[Extracted material]

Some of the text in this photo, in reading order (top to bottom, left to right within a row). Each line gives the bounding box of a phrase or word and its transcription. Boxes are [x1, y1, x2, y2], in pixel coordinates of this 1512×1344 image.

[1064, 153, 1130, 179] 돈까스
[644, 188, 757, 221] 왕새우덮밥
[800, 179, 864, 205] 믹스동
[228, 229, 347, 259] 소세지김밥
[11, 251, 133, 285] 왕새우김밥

[/Extracted material]

To do: Copy out the full listing above. Keep every word as it is.

Written reply:
Some of the text in this photo, in reading order (top to bottom, left to right within a row). Each line gives the bounding box of a phrase or word and its transcription. Boxes are [x1, y1, x2, y2], in pixel coordinates of this 1512×1344 image.

[1064, 153, 1130, 179] 돈까스
[644, 188, 757, 221] 왕새우덮밥
[800, 179, 864, 205] 믹스동
[228, 229, 347, 259] 소세지김밥
[11, 251, 133, 285] 왕새우김밥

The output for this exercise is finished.